280 Main Street is Emily Dickinson’s address in Amherst, Massachusetts. A teacher took me there in elementary school; if ever I have felt a spirit in a place, that was the time. For all the dry, academic articles I read about her later in my education, I never shook the first feeling I had when I was a little girl. I was quite sure that she was still hanging around Amherst, amazed and amused, and sometimes pissed off: You aren’t really taking apart my homemade books and changing the order of my poems, are you? . . . . Oh, so now I’m some kind of weirdo recluse, eh? . . . . “Unrequited” love? So much for what you know. . . . I swear, you damned editor, if you change the punctuation one more time . . . .

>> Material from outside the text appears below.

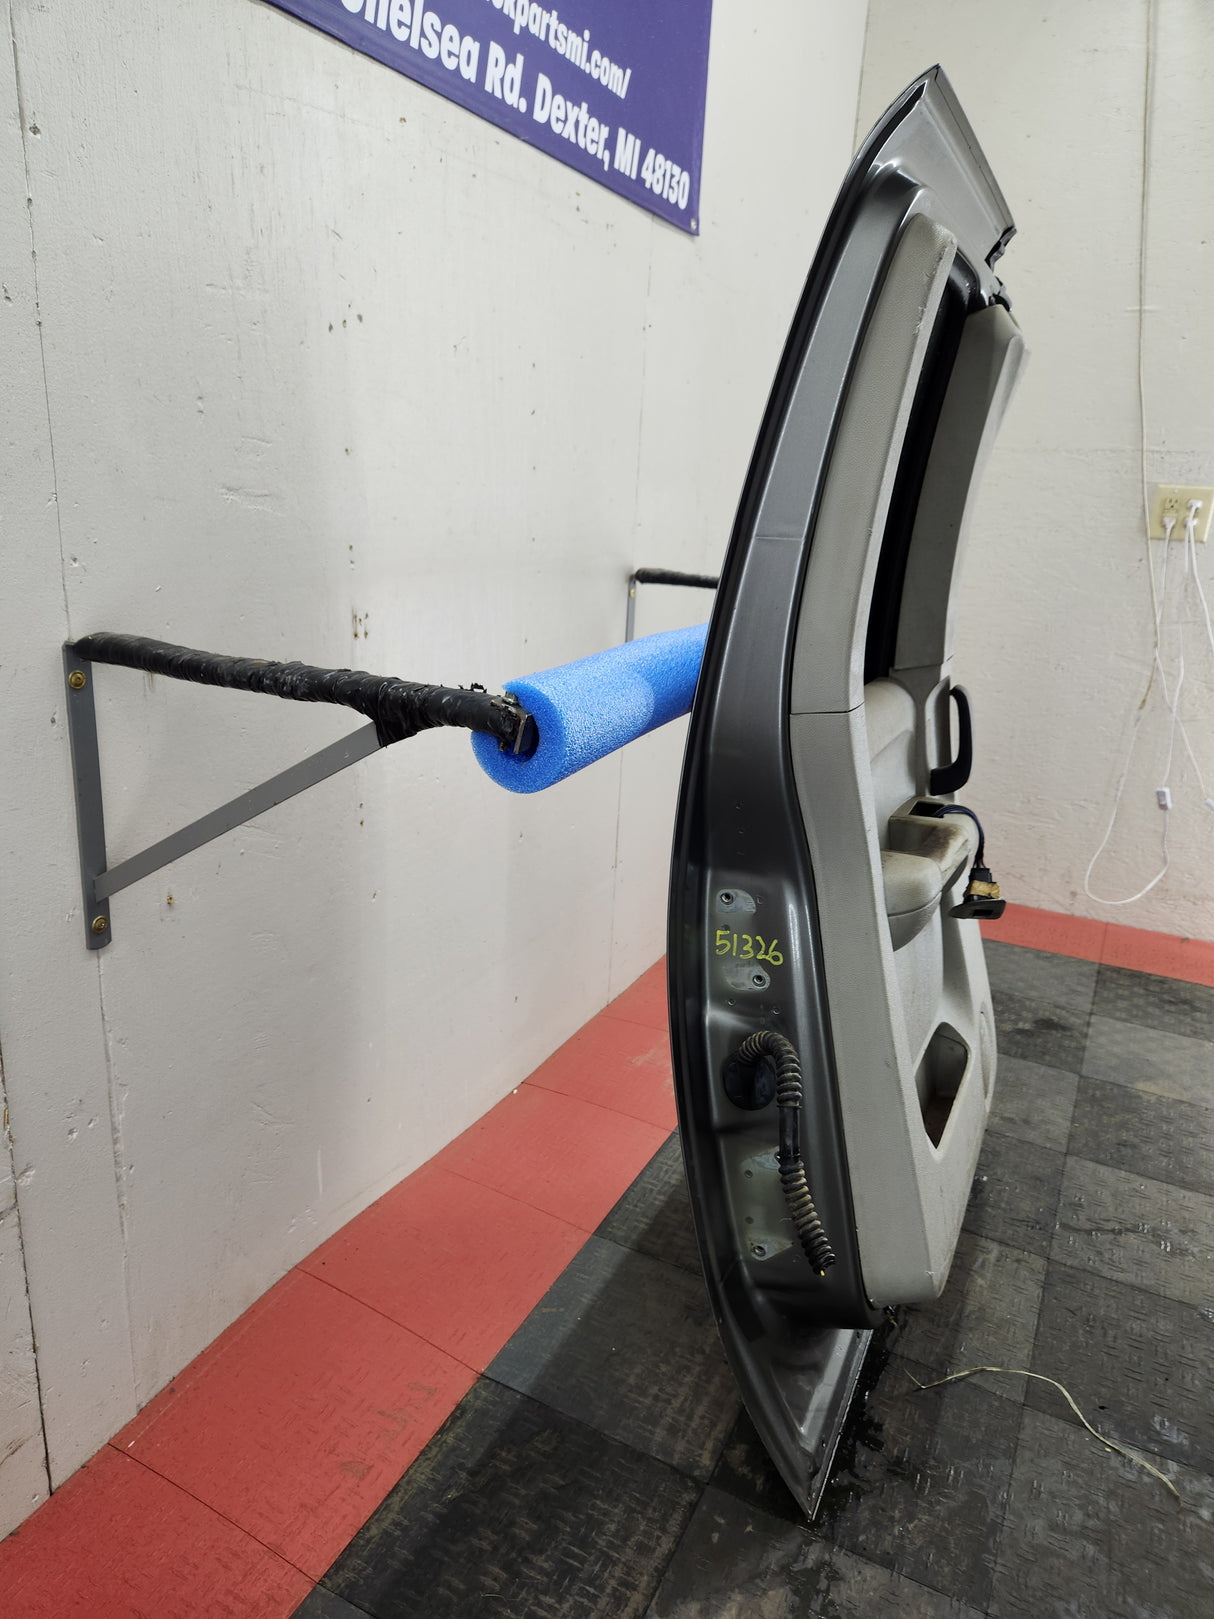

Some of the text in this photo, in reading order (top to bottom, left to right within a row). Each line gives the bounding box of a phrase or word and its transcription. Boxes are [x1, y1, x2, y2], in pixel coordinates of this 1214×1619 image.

[491, 0, 632, 99] partsmi.com/
[341, 0, 690, 210] elsea Rd. Dexter, MI 48130
[715, 929, 784, 966] 51326

It’s awfully nice to meet a poet when you’re a child, and your imagination rules your book-learning. Those are the ones you can talk to, and the ones who talk back–and read your blog. So, Emily, from a stay-at-home mother who is probably misjudged sometimes, to a stay-at-home poet who was, too–here’s a blog in your honor, no editors in sight.
lovely.
http://princessculture.wordpress.com/2007/04/30/of-princesses/
is the blog of my oh so feminist babysitter who I thank GOD I met in a not so feminist town.
She attends Amherst. And she would love your blog!
sending her the link.
Thanks for that link. I was so unaware of all that princess stuff, and now I’m a little scared. (Amherst is my favorite place in the world. I hope she likes it there.)
Lovely to know the inspiration of your blog name.